Michael and Pam's Travels Our European Motorhome Adventures and other Travels

Tröllaskagi, Iceland 🇮🇸 2022

Date: 22nd July 2022

Travelled: 90 kms from Dalvik to Hofsós  

Visited:  Ólafsfjörður and Siglufjörður  

Stayed: Camping Hofsós, Isk2600, N65.89810, W19.40600 

Budget: 58 days @ €102 per day


After last night’s never ending sunset, it’s a grey morning once again. It’s not raining, so where happy. We are planning a slow start this morning, we lay in much later than normal. Have coffee and fruit before walking over to the leisure centre for a swim.

We pay our Isk400 pp (senior rate). The facility is first class, the main pool is only 25m, complimented but a series of spas, sauna and a well equiped gym. We do a K, then hang in the spa until we’re wrinkly. As you would expect we are knackered, so it’s back to the Hymer for a big breakfast and coffee.

It’s mid-day by the time we’ve got ourselves going again. We service the Hymer, say goodbye to our neighbours and roll out the gate. Our guide book recommends a stop at Gisli, Eirikur and Helgi, for the fish soup. It’s a small timber cafe just up the street.



The cafe is full, we stand there quietly in the queue, slowly moving toward the counter, like a Seinfeld episode. Pam steps forward and asks can she get the soup take-away, the cafe goes quiet in fear of the Soup Nazi’s response. I just look around giving my best she’s not with me look..

Two fish soups, they come with sides of salad and home made bread, then a piece of apple and blueberry pie for Rons (that’s later on, in the Australian vernacular) Isk6,000.

This is a good start for the fabulous day exploring the Tröllaskagi Peninsula .



The first of several long narrow tunnels we pass through today. Obviously a nice wide, new tunnel is preferred but these were toll free and free is for me.



Our first stop is the village of Ólafsfjörður. It stands on the dark waters of the Eyjafjörður 15 kms north of Dalvick. We find a parking spot for the Hymer and head off for a walk.

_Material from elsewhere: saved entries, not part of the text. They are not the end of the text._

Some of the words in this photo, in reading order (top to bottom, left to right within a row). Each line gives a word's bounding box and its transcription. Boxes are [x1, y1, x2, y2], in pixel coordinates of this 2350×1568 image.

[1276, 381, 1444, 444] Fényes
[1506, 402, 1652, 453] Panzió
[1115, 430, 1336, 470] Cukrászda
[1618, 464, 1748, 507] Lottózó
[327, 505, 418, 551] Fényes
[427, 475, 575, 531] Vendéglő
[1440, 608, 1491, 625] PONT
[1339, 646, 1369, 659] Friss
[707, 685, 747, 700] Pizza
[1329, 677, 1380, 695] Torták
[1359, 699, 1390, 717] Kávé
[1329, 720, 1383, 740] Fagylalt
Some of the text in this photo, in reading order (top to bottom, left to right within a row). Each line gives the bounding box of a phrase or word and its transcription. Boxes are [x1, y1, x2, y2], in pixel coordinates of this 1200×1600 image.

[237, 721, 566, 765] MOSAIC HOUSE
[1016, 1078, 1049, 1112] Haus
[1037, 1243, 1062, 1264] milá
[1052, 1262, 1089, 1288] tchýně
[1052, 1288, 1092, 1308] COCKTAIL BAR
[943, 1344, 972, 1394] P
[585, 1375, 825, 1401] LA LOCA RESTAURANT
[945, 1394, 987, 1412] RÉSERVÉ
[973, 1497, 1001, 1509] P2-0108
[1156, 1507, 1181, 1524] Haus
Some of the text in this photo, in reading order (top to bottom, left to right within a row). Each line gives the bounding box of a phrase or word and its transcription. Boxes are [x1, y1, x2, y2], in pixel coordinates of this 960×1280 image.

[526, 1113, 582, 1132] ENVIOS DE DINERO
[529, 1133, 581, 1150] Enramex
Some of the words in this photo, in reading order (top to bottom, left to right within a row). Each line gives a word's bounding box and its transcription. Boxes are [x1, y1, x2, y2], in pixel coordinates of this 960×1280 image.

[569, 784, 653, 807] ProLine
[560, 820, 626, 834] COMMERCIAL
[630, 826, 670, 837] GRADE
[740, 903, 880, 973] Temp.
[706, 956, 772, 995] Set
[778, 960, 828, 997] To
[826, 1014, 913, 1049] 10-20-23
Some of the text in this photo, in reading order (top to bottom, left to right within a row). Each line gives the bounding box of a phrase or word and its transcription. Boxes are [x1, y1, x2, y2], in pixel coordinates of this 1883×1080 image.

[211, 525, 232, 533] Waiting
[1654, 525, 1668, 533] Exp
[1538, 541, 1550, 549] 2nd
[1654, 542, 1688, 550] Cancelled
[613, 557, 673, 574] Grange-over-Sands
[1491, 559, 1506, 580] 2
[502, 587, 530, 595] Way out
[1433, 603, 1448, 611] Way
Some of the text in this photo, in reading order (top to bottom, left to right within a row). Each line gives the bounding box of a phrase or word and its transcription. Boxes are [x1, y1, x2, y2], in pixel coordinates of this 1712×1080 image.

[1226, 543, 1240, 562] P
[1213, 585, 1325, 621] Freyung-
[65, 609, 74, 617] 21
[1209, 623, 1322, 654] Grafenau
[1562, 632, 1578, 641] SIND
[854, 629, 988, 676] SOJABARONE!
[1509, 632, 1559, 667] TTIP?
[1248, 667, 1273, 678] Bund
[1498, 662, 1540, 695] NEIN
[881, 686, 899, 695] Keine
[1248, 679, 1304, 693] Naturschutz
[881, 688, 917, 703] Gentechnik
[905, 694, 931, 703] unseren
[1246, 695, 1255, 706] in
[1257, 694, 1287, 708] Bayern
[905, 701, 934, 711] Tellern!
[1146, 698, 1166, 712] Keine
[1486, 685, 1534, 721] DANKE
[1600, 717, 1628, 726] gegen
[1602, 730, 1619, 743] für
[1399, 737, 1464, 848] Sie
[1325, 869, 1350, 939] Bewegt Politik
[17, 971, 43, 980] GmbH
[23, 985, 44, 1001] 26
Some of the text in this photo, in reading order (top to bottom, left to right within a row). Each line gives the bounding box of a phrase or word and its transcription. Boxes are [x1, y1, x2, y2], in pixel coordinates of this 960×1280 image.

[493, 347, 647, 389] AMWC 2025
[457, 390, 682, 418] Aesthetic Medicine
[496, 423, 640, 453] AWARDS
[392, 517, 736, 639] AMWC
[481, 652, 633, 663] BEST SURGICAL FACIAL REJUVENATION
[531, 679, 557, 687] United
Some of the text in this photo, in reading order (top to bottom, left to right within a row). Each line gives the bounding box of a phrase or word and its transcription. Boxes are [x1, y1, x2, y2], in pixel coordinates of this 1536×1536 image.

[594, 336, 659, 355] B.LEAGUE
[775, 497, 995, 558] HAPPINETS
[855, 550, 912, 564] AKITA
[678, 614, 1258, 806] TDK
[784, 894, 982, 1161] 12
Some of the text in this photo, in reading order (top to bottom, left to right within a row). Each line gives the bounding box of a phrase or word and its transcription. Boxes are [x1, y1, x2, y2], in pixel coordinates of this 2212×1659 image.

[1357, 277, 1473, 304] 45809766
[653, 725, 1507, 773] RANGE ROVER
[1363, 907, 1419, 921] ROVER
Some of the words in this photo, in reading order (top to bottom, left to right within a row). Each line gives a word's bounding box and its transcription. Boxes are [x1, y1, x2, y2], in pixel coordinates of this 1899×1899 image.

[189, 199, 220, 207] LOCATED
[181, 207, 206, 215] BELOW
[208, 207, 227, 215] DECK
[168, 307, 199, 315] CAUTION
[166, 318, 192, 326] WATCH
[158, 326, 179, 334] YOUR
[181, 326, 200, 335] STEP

Trolls seem to be the theme as we wander Ólafsfjörður. Trolls adorn many of the simple houses in the village. The port area is extensive with lots of industrial buildings, but they all seem to be closed today. It may be a school holiday thing.



There is a small campsite here in Ólafsfjörður but I think we’ve done the place in 30 minutes, so we continue driving north on route 82. Yes, two more long tunnels through the mountains and we arrive at Siglufjörður.




Siglufjordur, Norðurland eystra, Iceland


Siglufjörður is the most northern town on the Tröllaskagi Peninsula. Surprisingly the campsite is right in the middle of town, so obviously campers are appreciated. We park just outside the campsite and go exploring. It’s a much busier and bustling place, but there are a lots of tourist wandering about just like us.




Our guide book recommends the Herring Museum, so why not. We pay our Isk1200 pp (seniors) and head into the dark, hoping our night vision returns quickly. Siglufjörður was the centre of Herring fishing in Iceland for many years. The industry lasted for some 80 years, but by the 1960’s overfishing had decimated the population and herring disappeared from Icelandic waters. The Icelanders blamed the Norwegians and visa-versa, but the herring never returned. Anyway we enjoyed the museum and felt sorry for the herring.




We’ve given Siglufjörður a good look, so it’s time to move on once again. We turn the Hymer back onto the 76 through another tunnel and continue driving the Tröllaskagi Peninsula. We have explored some beautiful scenery in our years of motorhoming but it would not be an understatement to say our afternoon driving the western side of the Tröllaskagi was one of the best.



When the sun shines, so does Iceland. We eventually find Hofsós and our campsite for the night. Our guide book tells us Hofsós has one of the most scenic pools in Iceland. We’ll be down there at 9 am to find out.